THE TASK
Your answer must be an exact copy of the records below, with every picture left out.

EXERCISE INPUT

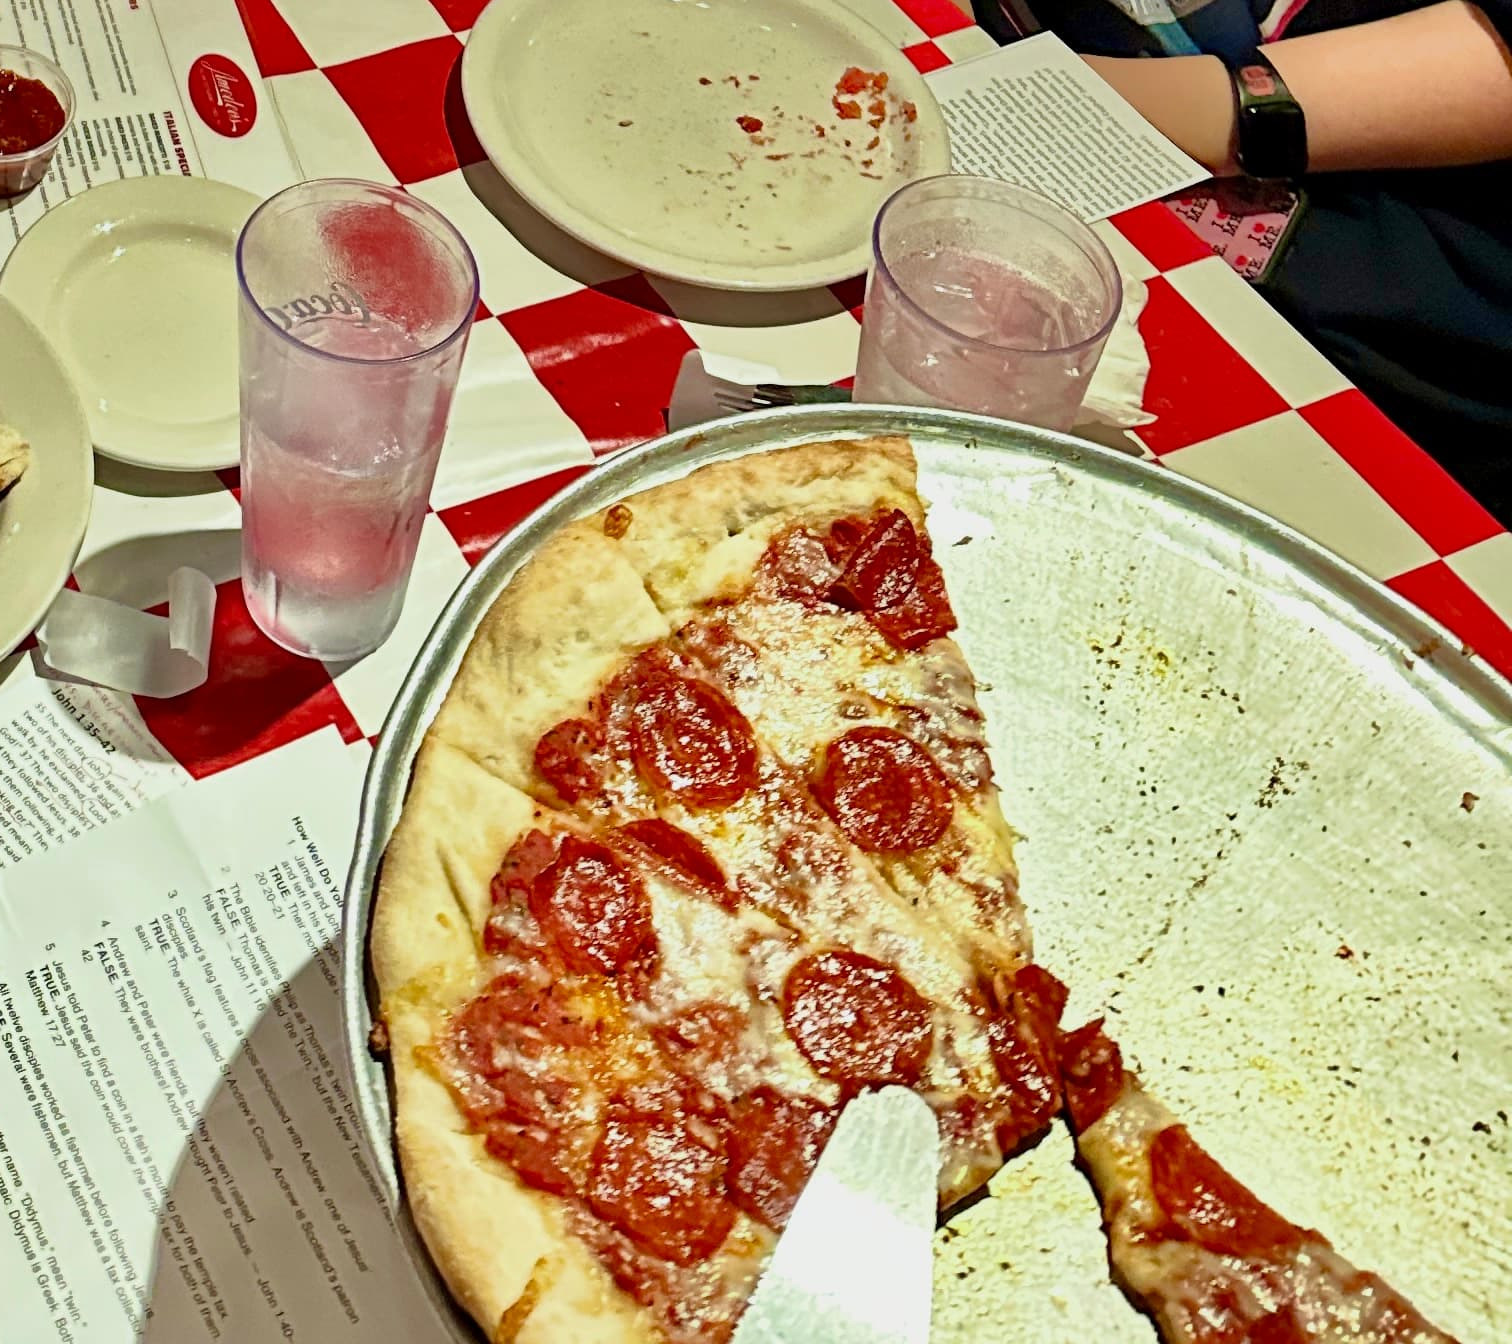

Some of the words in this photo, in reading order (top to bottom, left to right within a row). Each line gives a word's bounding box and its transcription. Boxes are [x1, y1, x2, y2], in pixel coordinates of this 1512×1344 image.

[163, 111, 181, 146] ITALIAN
[51, 688, 77, 716] John
[1, 750, 17, 770] they
[17, 768, 50, 803] followed
[3, 775, 23, 797] them
[3, 845, 22, 863] said
[291, 816, 309, 841] How
[306, 841, 325, 867] Well
[318, 868, 332, 885] Do
[3, 997, 24, 1033] twelve
[18, 1035, 45, 1081] disciples
[40, 1081, 65, 1121] worked
[58, 1122, 70, 1136] as
[65, 1136, 95, 1190] fishermen
[90, 1190, 112, 1227] before
[108, 1229, 137, 1282] following
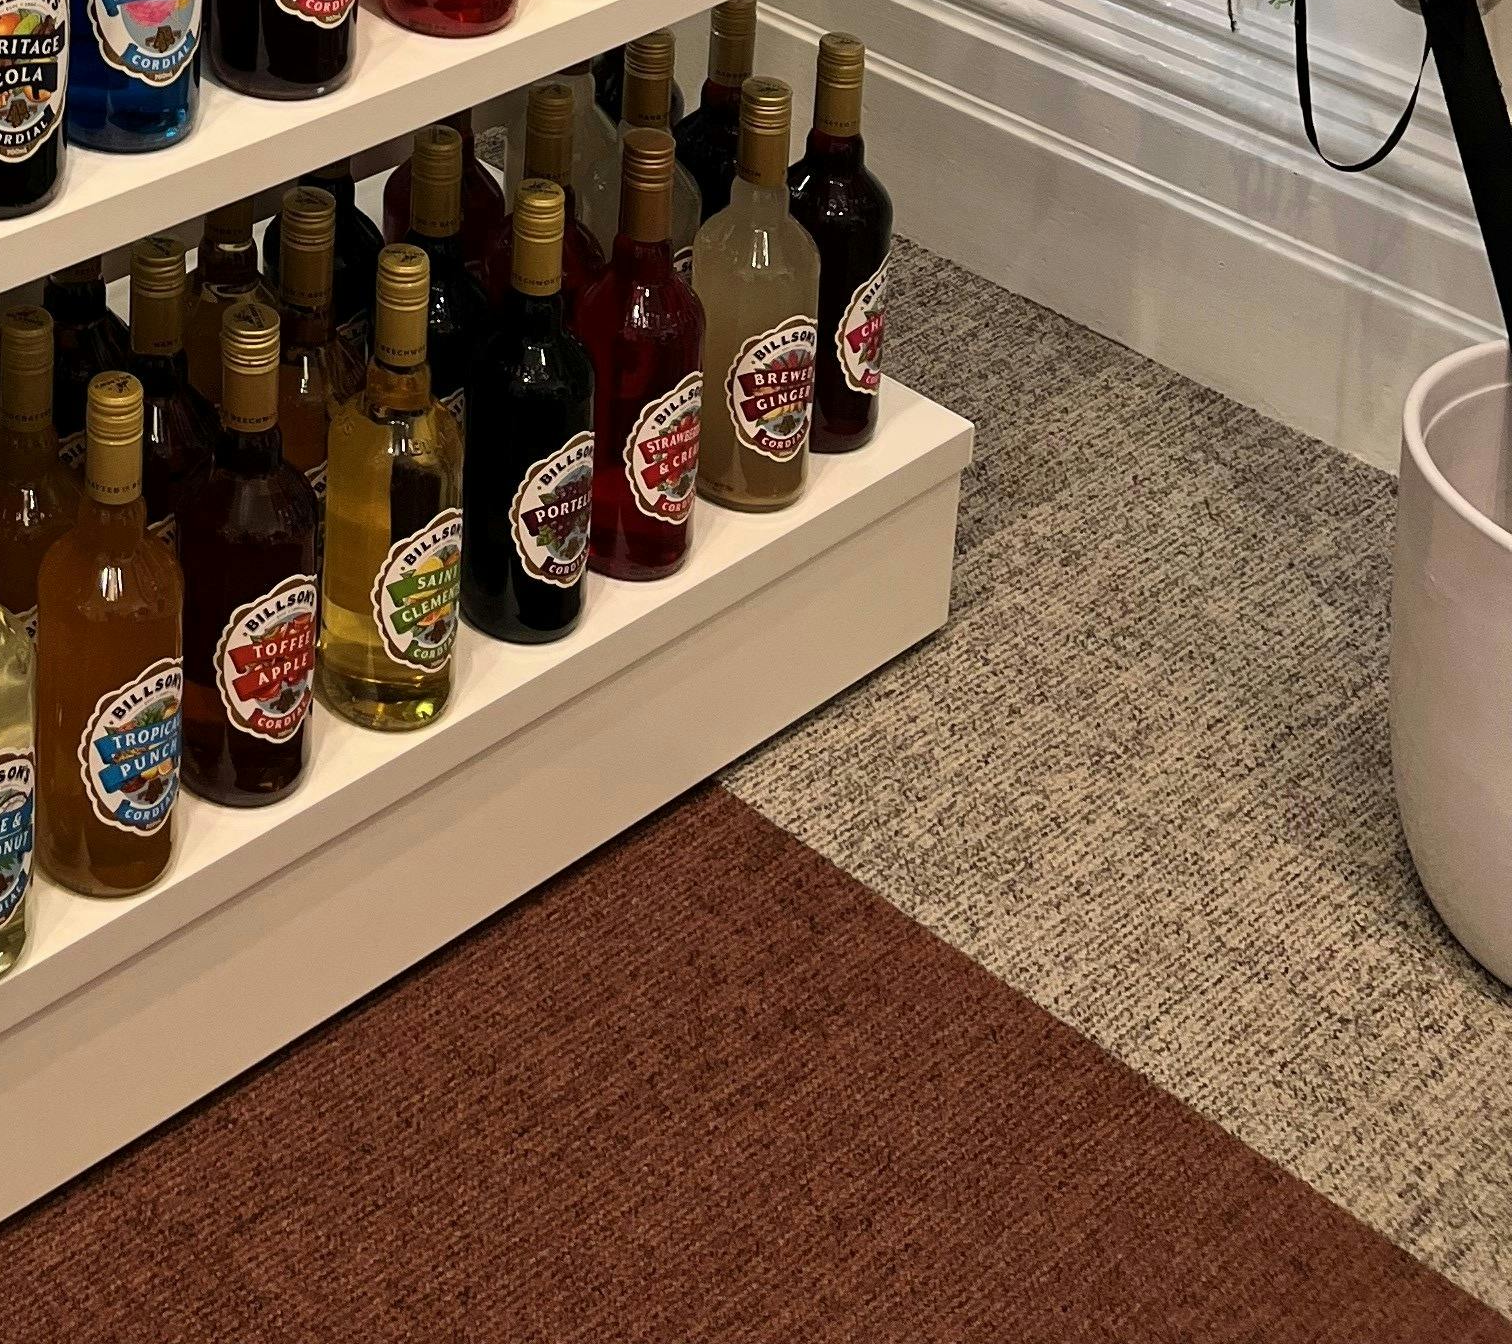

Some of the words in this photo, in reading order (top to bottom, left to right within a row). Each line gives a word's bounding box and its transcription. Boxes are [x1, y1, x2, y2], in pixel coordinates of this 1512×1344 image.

[131, 44, 193, 72] CORDIAL
[754, 366, 814, 386] BREWED
[659, 462, 669, 475] &
[535, 491, 591, 524] PORTEL
[253, 630, 311, 659] TOFFEE
[257, 652, 308, 686] APPLE
[112, 718, 180, 750] TROPICA
[119, 744, 178, 779] PUNCH
[10, 815, 22, 830] &
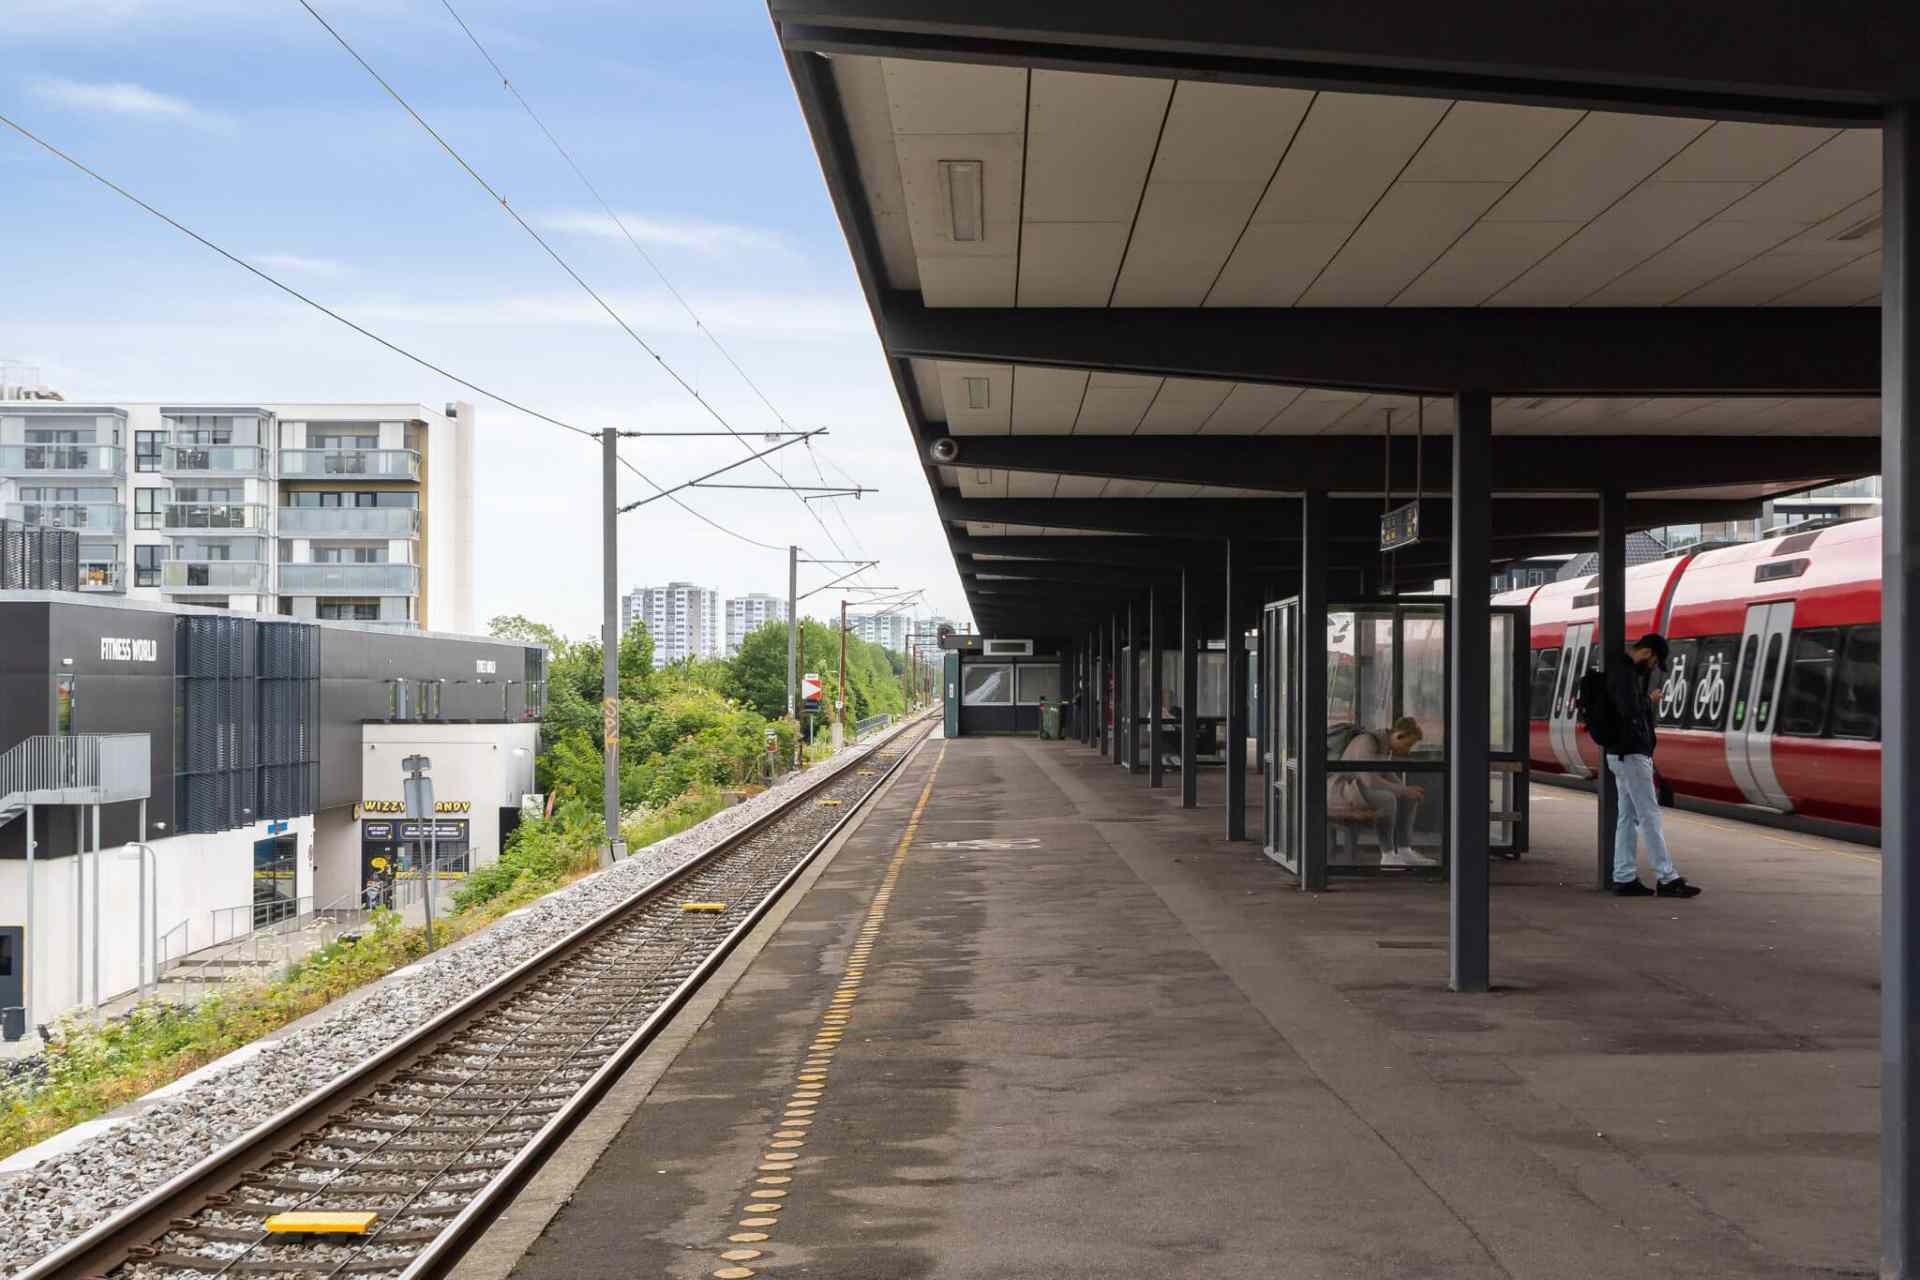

SOLUTION TO THE PROBLEM
Some of the words in this photo, in reading order (top to bottom, left to right within a row). Each line gives a word's bounding box and its transcription. Boxes are [x1, y1, x2, y2], in pixel coordinates of this 1512×1344 image.

[163, 111, 181, 146] ITALIAN
[51, 688, 77, 716] John
[1, 750, 17, 770] they
[17, 768, 50, 803] followed
[3, 775, 23, 797] them
[3, 845, 22, 863] said
[291, 816, 309, 841] How
[306, 841, 325, 867] Well
[318, 868, 332, 885] Do
[3, 997, 24, 1033] twelve
[18, 1035, 45, 1081] disciples
[40, 1081, 65, 1121] worked
[58, 1122, 70, 1136] as
[65, 1136, 95, 1190] fishermen
[90, 1190, 112, 1227] before
[108, 1229, 137, 1282] following

Some of the words in this photo, in reading order (top to bottom, left to right within a row). Each line gives a word's bounding box and its transcription. Boxes are [x1, y1, x2, y2], in pixel coordinates of this 1512×1344 image.

[131, 44, 193, 72] CORDIAL
[754, 366, 814, 386] BREWED
[659, 462, 669, 475] &
[535, 491, 591, 524] PORTEL
[253, 630, 311, 659] TOFFEE
[257, 652, 308, 686] APPLE
[112, 718, 180, 750] TROPICA
[119, 744, 178, 779] PUNCH
[10, 815, 22, 830] &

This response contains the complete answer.